Each of us is ready for the change.

Firsts and lasts
Going to school is exciting, as many firsts are. First words, first steps, first time sleeping in a big boy bed. Each new action precipitates wonder and possibility. We love celebrating all that’s new.

A first also necessarily brings a last. If something new is coming, something old must pass. You quit a job to start a new one. You dump singlehood status to enter into marital bliss. You leave home to move away to college. You drop your youngest baby off to his first day of kindergarten and end your role as an all-day caregiver.

It’s the end – not of the world, not of life as I know it. Some call it the changing of a season, or closing of a chapter. I’m calling it death.

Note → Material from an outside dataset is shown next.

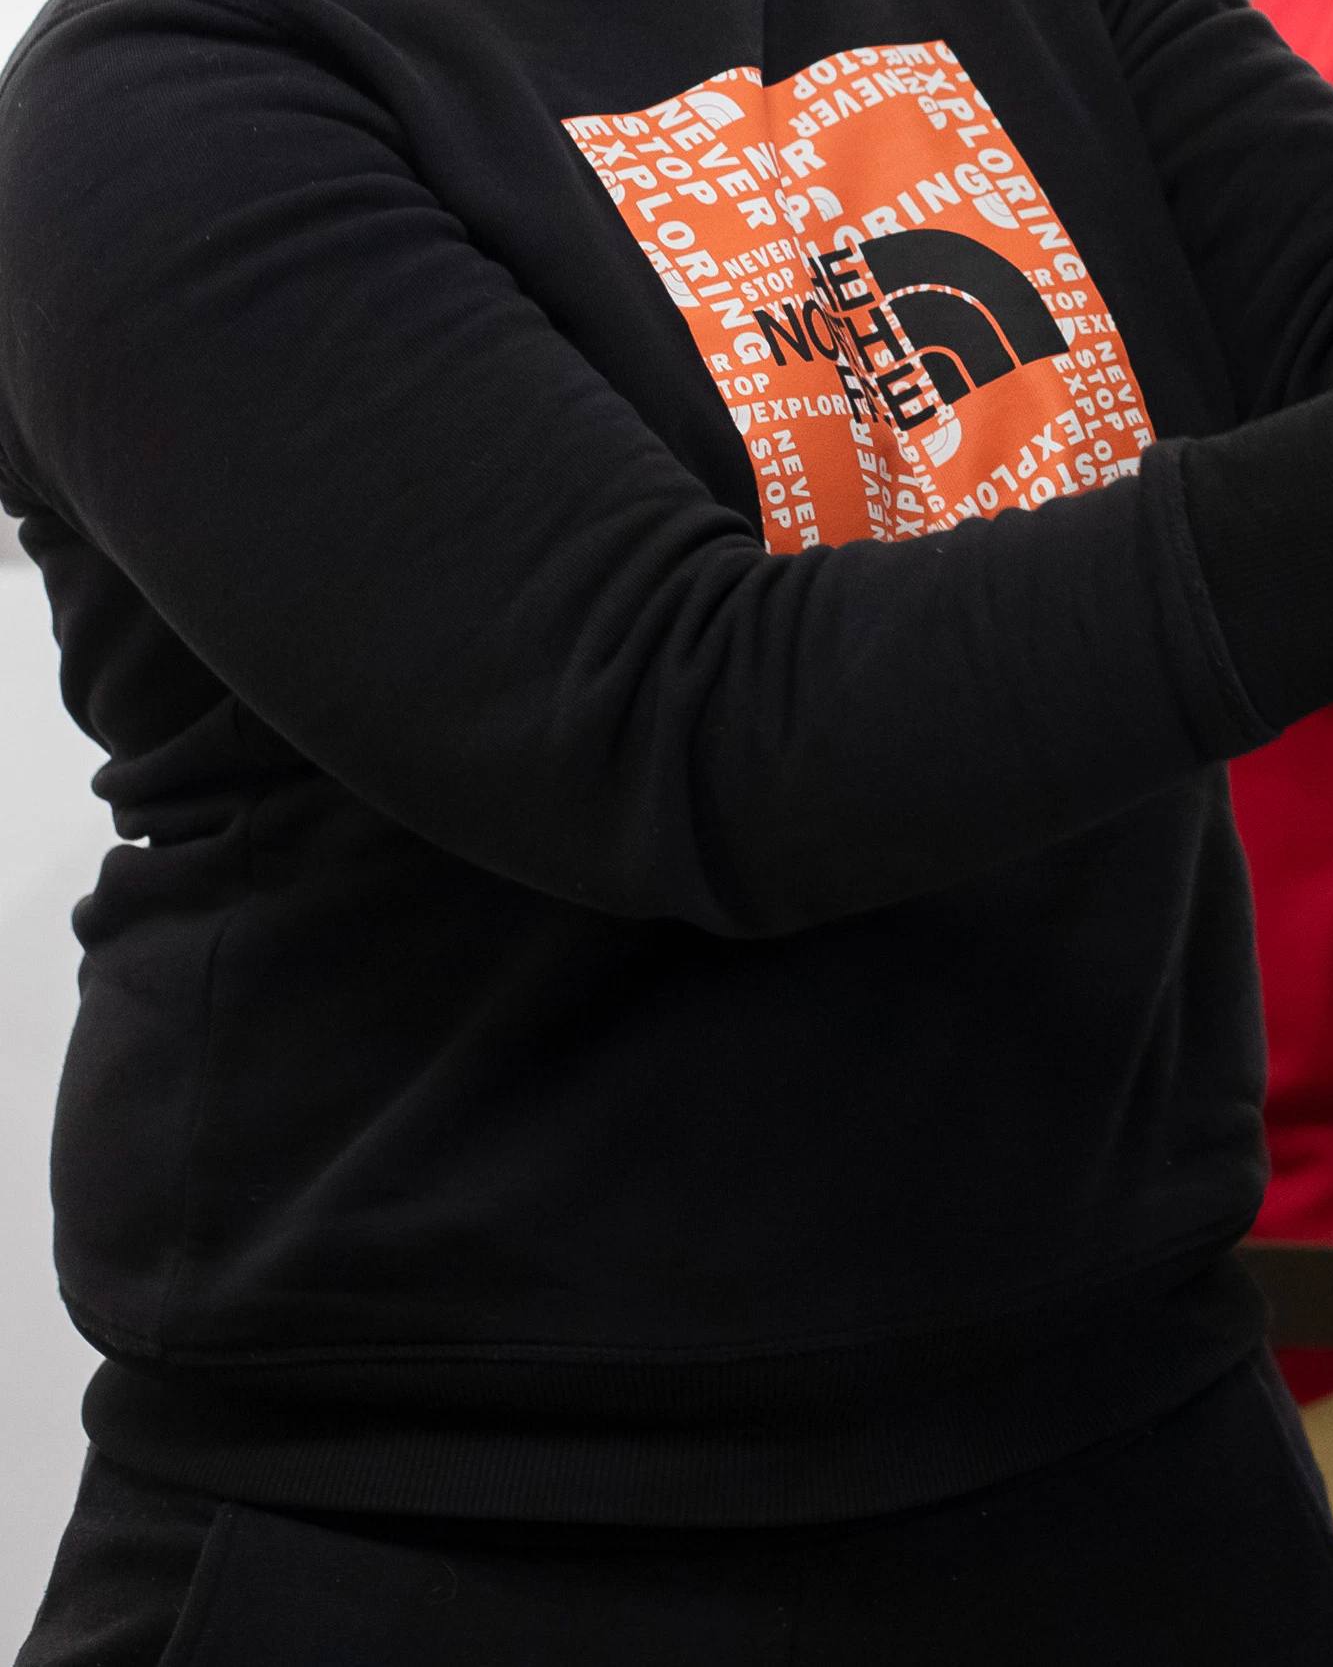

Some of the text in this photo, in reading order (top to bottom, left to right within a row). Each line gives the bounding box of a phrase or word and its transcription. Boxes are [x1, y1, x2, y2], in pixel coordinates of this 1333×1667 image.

That phase of scheduling my day around meals, naps, playdates, bathroom stops; of whipping out wipes like a gunslinger when a cup inevitably spills; of trips to the library and park and loathsome grocery store; of cozying up on the couch, reading away the afternoon; of losing my temper, again, and coming to them, sobbing, embracing them in sweet reconciliation – it’s done. I can remember, but not bring it back. That stage died.

Yes, of course, I’m being dramatic. No person died. My life isn’t ruined now that my kids are in school. My identity, though closely interlinked with my sons, doesn’t hinge on being a mom. I have a husband, for one thing. We like each other, and like doing activities together. I keep busy, invest in relationships and ministry, look for ways to create and connect. Better than all that, I know Jesus, and am known by him.

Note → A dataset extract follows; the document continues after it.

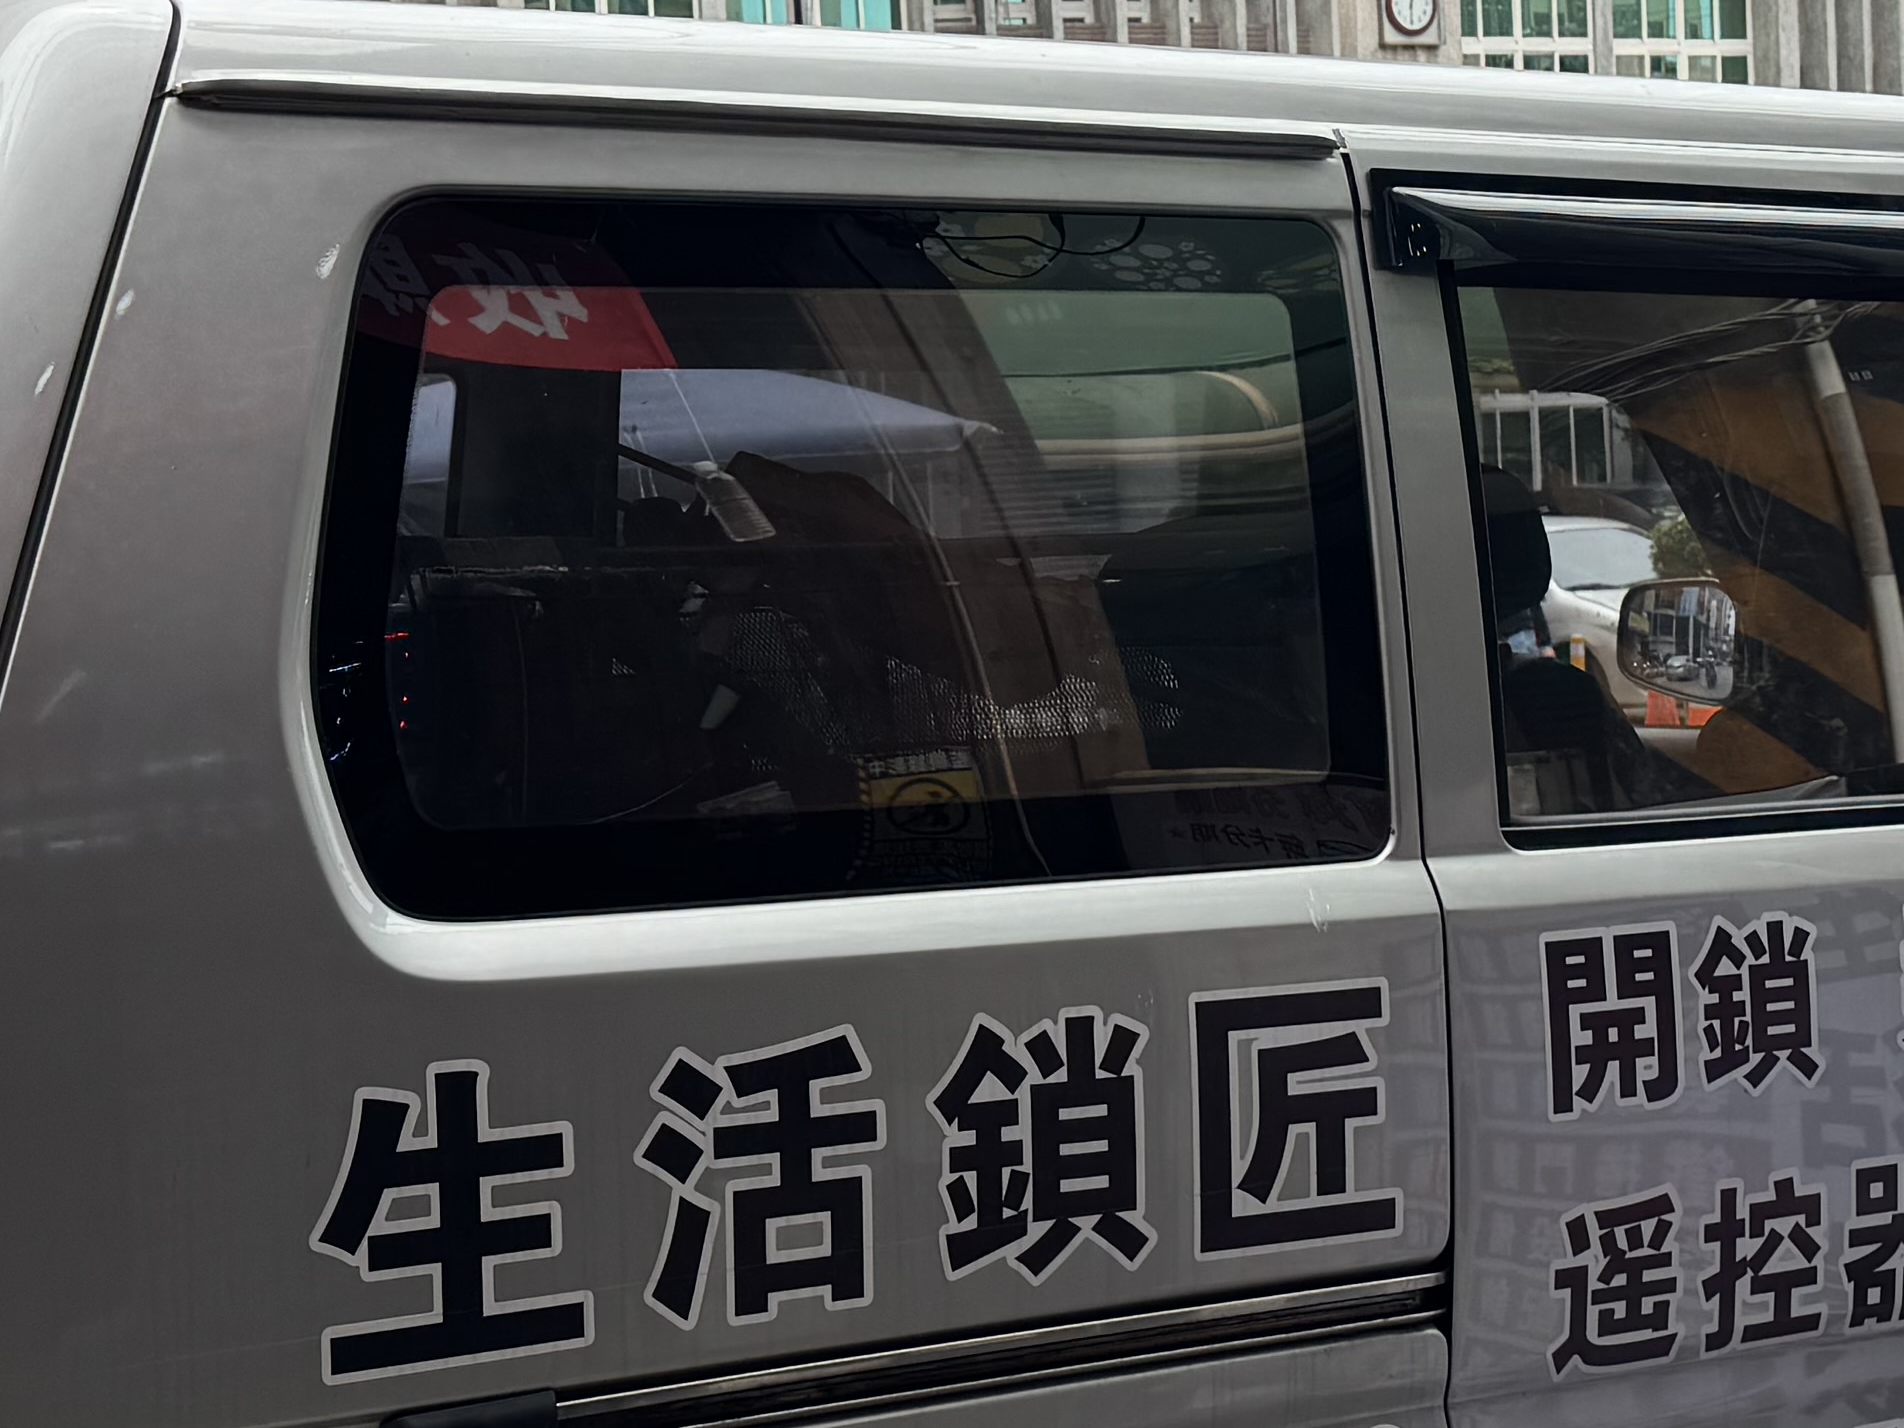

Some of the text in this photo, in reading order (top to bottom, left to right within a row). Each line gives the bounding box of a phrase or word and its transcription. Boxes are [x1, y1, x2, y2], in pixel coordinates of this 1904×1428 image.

[1539, 908, 1823, 1122] 開鎖
[309, 976, 1404, 1385] 生活鎖匠

No, life isn’t over for me, even as a stay-at-home mom whose kids aren’t home all day, anymore. This next phase of parenting holds bright expectancy for joy. Yet I can’t deny, and don’t want to suppress, the real grief over the ending of an era.

It’s OK to be sad that I’ll miss it.

Mourning dust
That’s life for ya – an inexorable series of deaths and resurrections. It’s the circle that moves us all, if we’re to believe the philosophy espoused by The Lion King. From a tree centered in a garden to a tree staked in a skull-shaped hill, the cycle repeated throughout biblical times, and continues ad infinitum today. Like a line from a ’90s pop rock favorite of mine, “Closing Time,” copping a quote from Stoic philosopher Seneca, the world echoes:

Every new beginning comes from some other beginning’s end.

Endings come in waves – through a flood, across a tumbling wall, in a veil torn apart; by winter’s invasion and crushed dreams and relational doors slammed shut. Death never wins, though. Just as winter cedes to spring, so do ashes birth life. Jesus rose from the dead and raised us up with him, granting us a new home, new family, new richness in living for him.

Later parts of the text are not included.